*** Records for this exercise
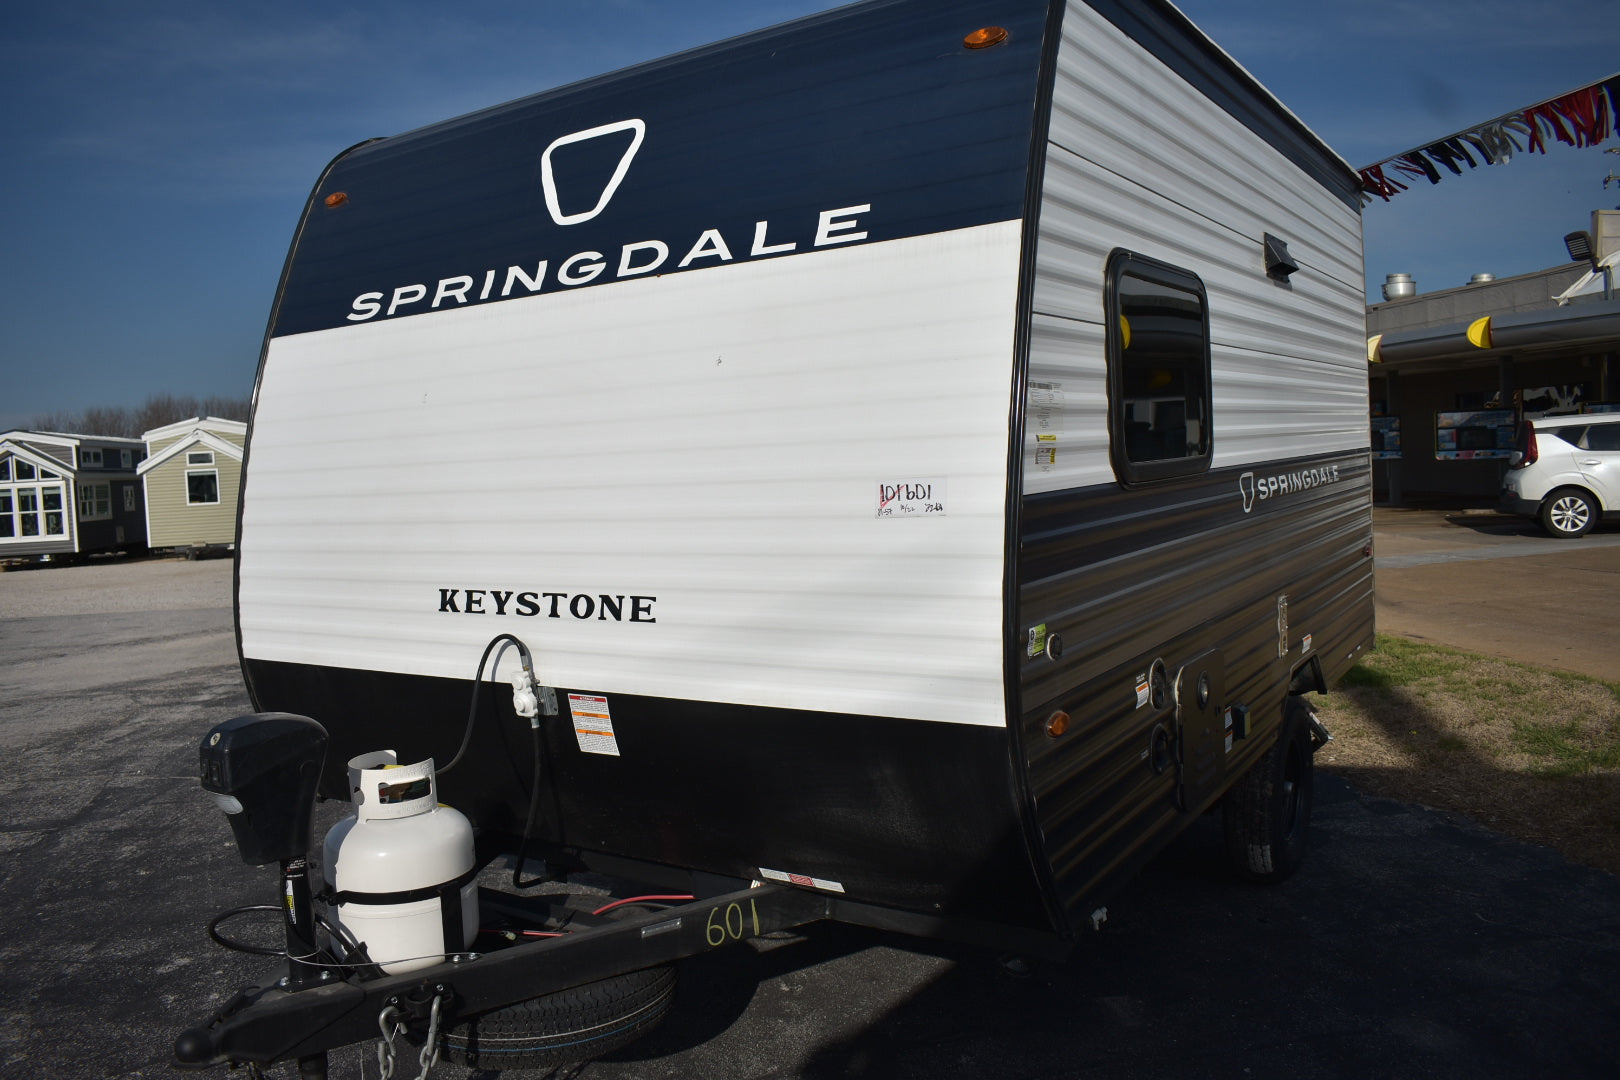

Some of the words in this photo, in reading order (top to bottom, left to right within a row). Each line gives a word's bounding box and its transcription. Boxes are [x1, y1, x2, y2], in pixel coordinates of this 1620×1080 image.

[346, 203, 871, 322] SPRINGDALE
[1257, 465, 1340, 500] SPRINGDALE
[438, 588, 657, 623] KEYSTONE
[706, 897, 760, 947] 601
******
◆ Task to carry out
Each entry above must be set down word for word; none of its pictures belong in the copy.

◆ Reply
Some of the words in this photo, in reading order (top to bottom, left to right within a row). Each line gives a word's bounding box and its transcription. Boxes are [x1, y1, x2, y2], in pixel coordinates of this 1620×1080 image.

[346, 203, 871, 322] SPRINGDALE
[1257, 465, 1340, 500] SPRINGDALE
[438, 588, 657, 623] KEYSTONE
[706, 897, 760, 947] 601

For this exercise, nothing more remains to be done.